ASSIGNMENT — If an entry holds an image, leave that image out and transcribe everything else exactly.

PROVIDED DATA —

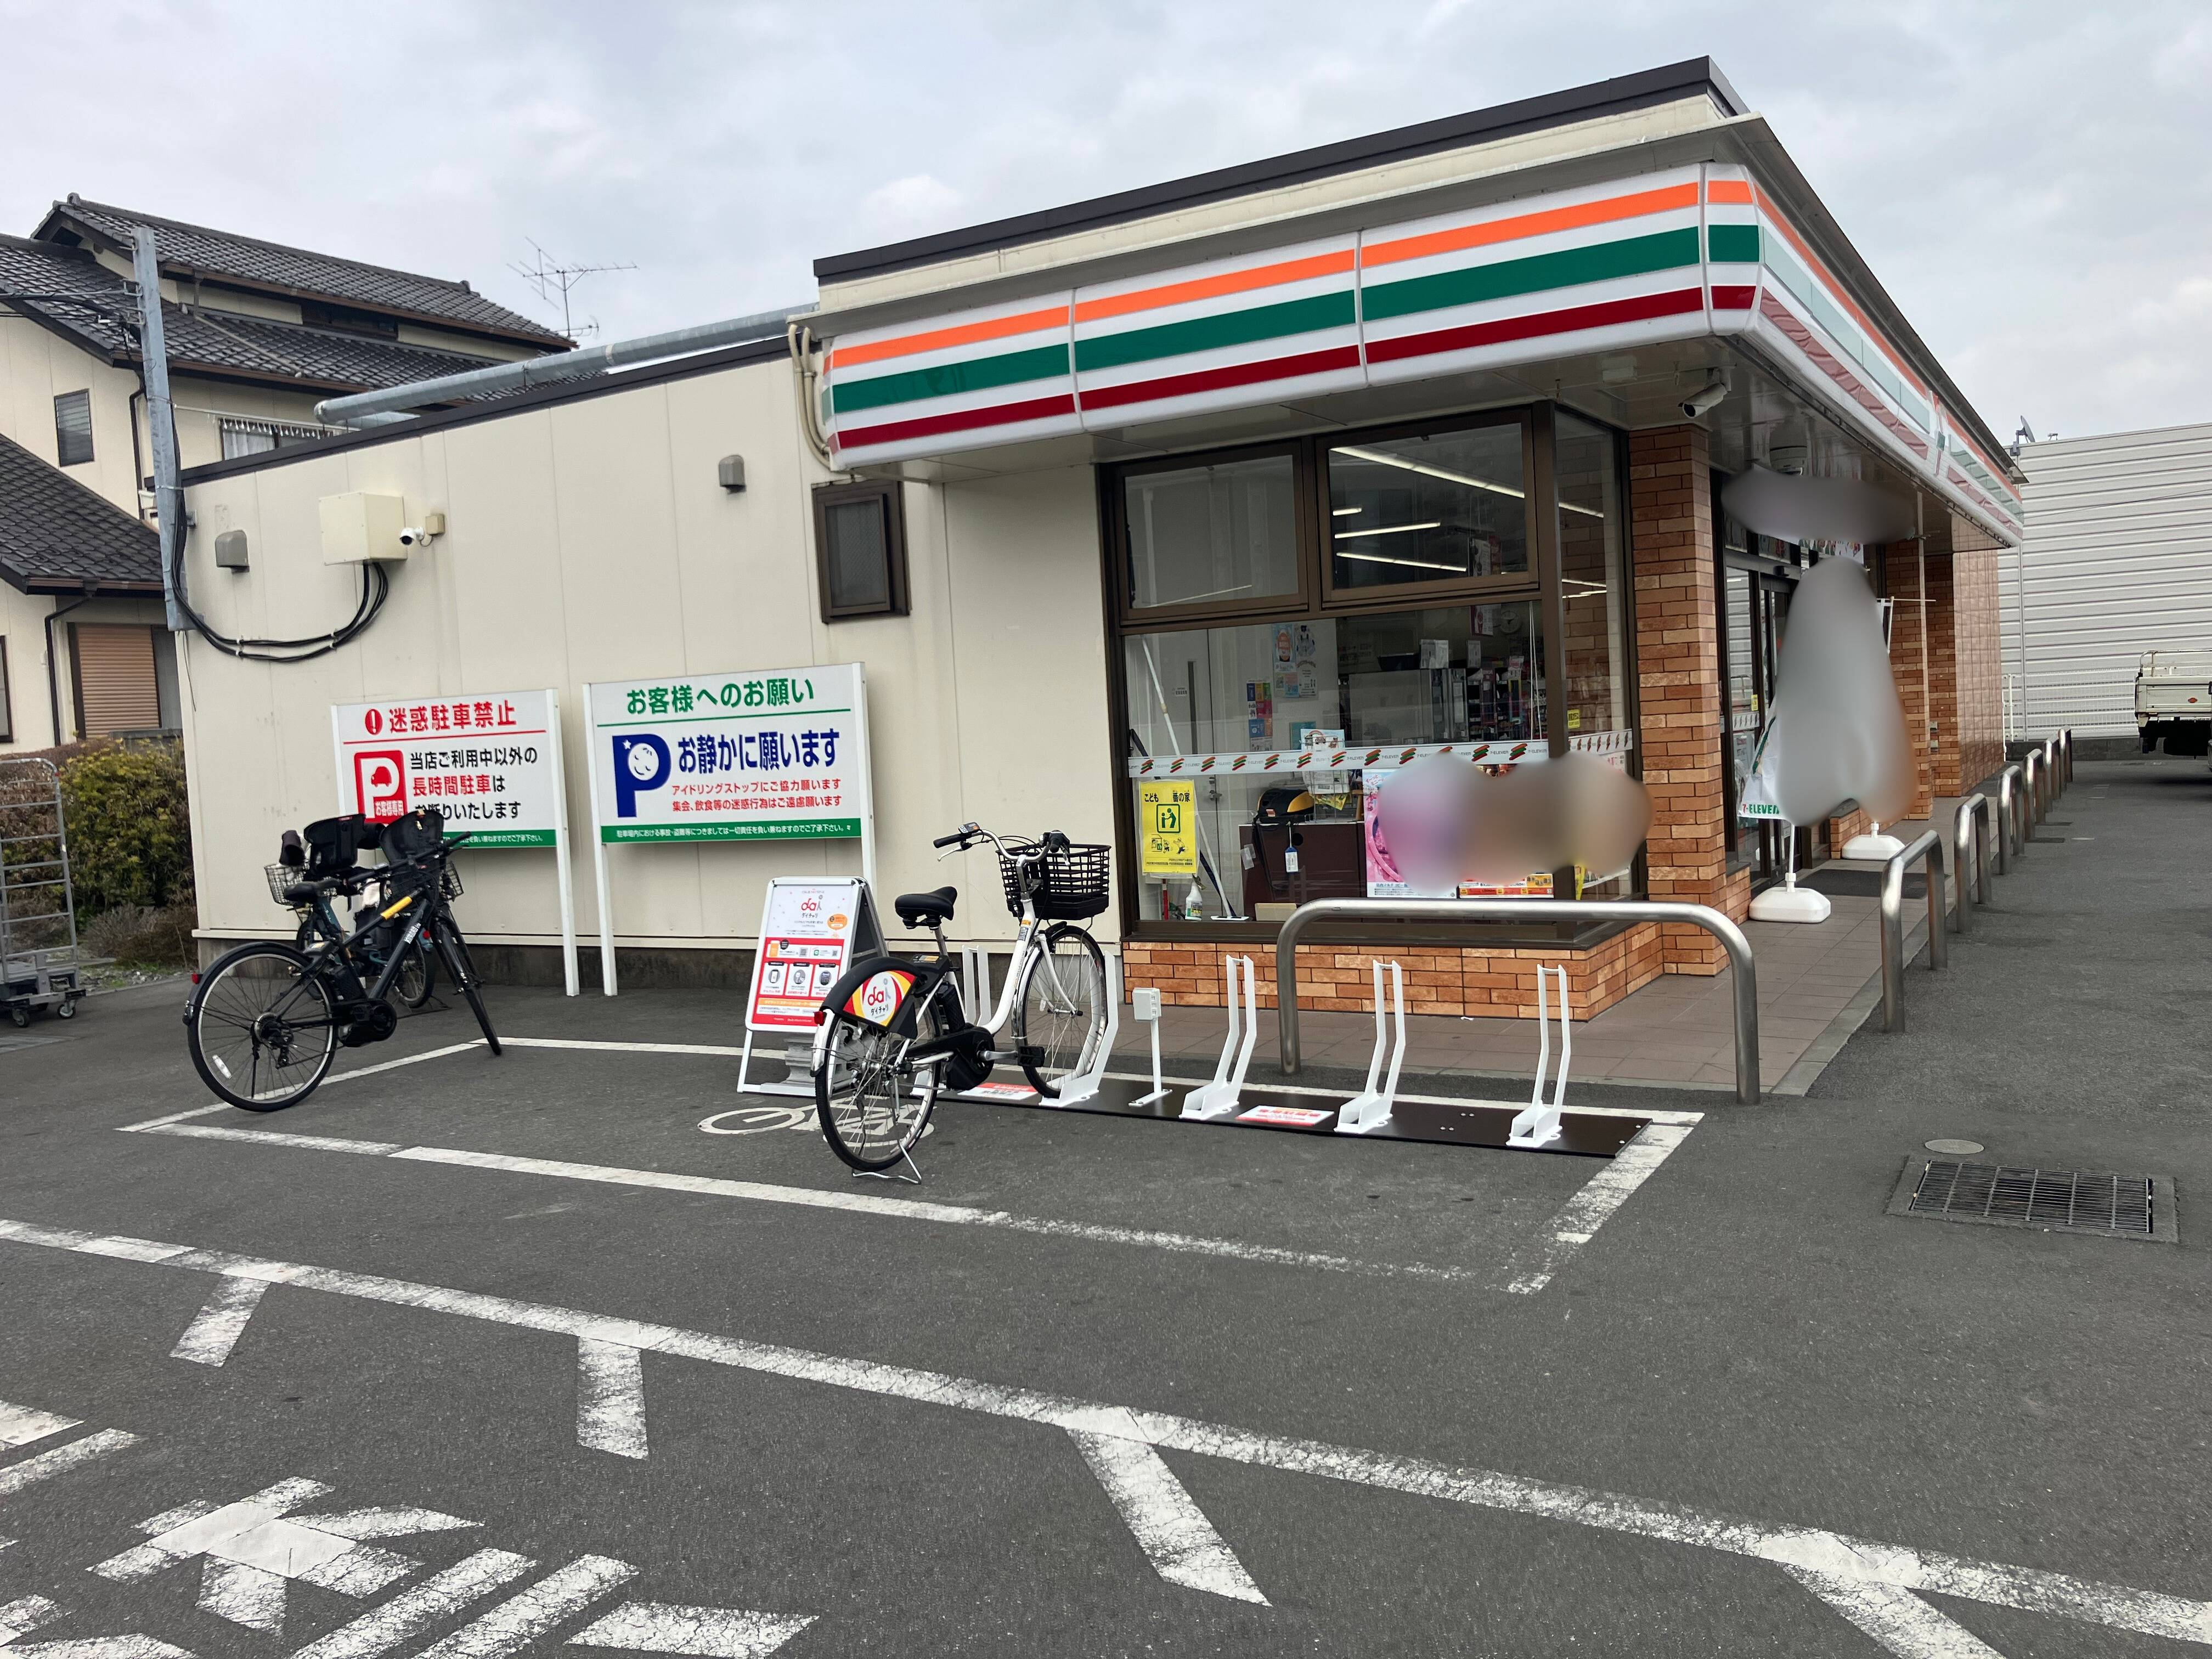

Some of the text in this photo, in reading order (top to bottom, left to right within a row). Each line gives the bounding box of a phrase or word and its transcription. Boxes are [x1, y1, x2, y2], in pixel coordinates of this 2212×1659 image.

[627, 678, 814, 715] お客様へのお願い
[388, 700, 517, 733] 迷惑駐車禁止
[410, 746, 538, 770] 当店ご利用中以外の
[678, 728, 840, 774] お静かに願います
[413, 774, 505, 797] 長時間駐車は
[672, 778, 841, 795] アイドリングストップにご協力願います
[672, 795, 842, 811] 集会、飲食等の迷惑行為はご遠慮願います
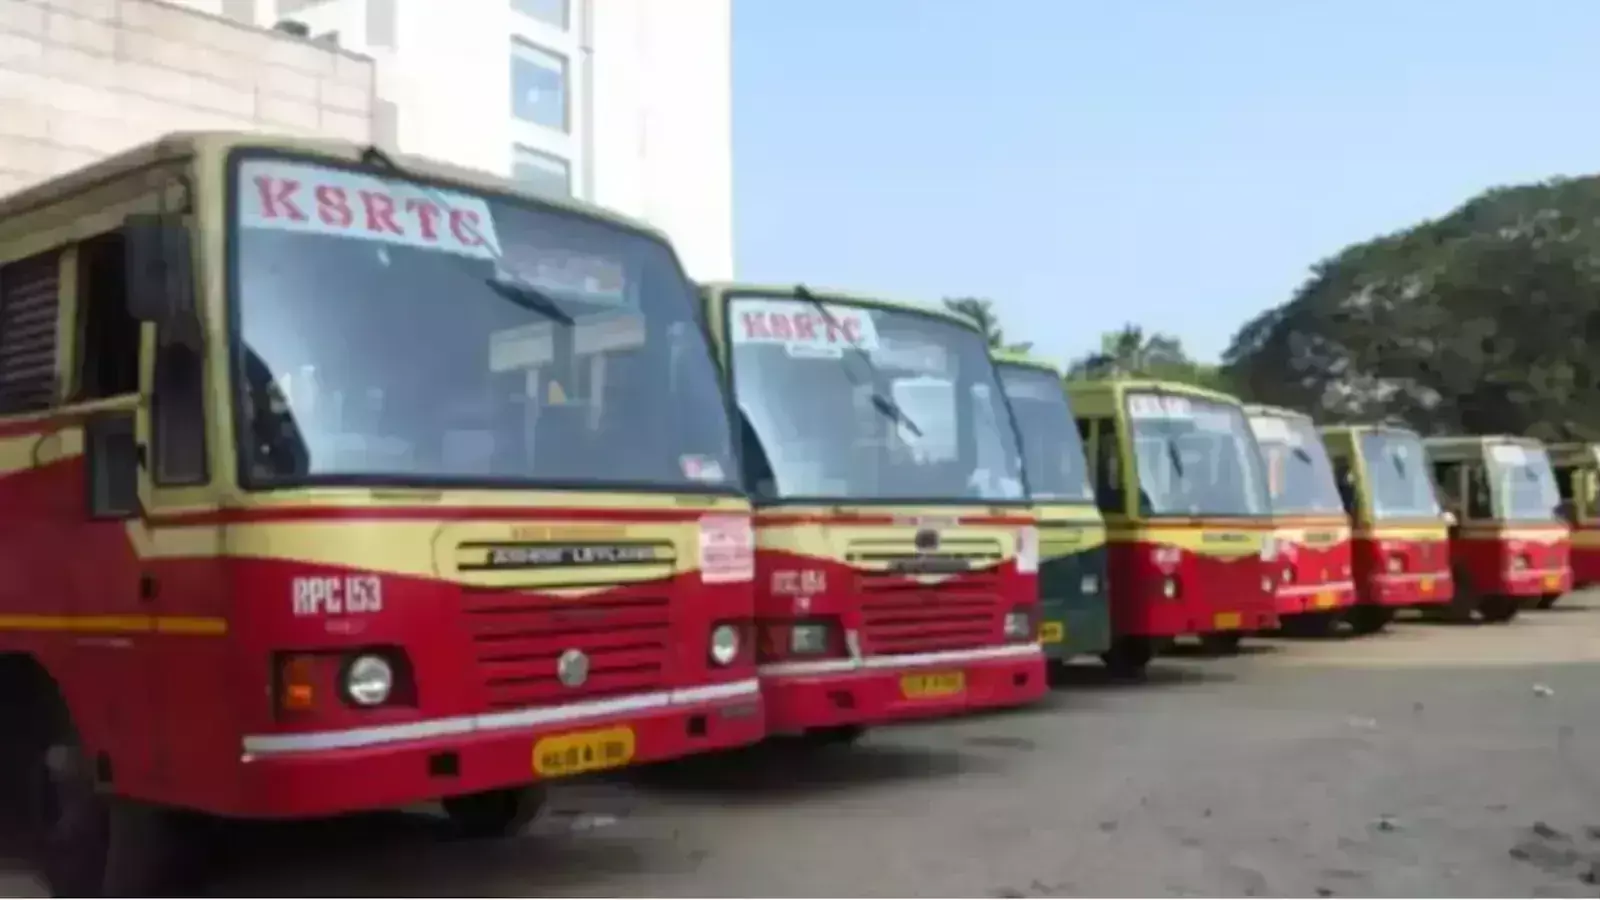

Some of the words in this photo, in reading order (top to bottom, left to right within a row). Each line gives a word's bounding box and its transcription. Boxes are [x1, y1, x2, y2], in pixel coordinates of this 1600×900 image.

[253, 174, 487, 248] KSRTC
[740, 311, 864, 344] KSRTC
[292, 576, 342, 615] RPC

RESPONSE —
Some of the text in this photo, in reading order (top to bottom, left to right within a row). Each line gives the bounding box of a phrase or word and its transcription. Boxes are [x1, y1, x2, y2], in pixel coordinates of this 2212×1659 image.

[627, 678, 814, 715] お客様へのお願い
[388, 700, 517, 733] 迷惑駐車禁止
[410, 746, 538, 770] 当店ご利用中以外の
[678, 728, 840, 774] お静かに願います
[413, 774, 505, 797] 長時間駐車は
[672, 778, 841, 795] アイドリングストップにご協力願います
[672, 795, 842, 811] 集会、飲食等の迷惑行為はご遠慮願います

Some of the words in this photo, in reading order (top to bottom, left to right within a row). Each line gives a word's bounding box and its transcription. Boxes are [x1, y1, x2, y2], in pixel coordinates of this 1600×900 image.

[253, 174, 487, 248] KSRTC
[740, 311, 864, 344] KSRTC
[292, 576, 342, 615] RPC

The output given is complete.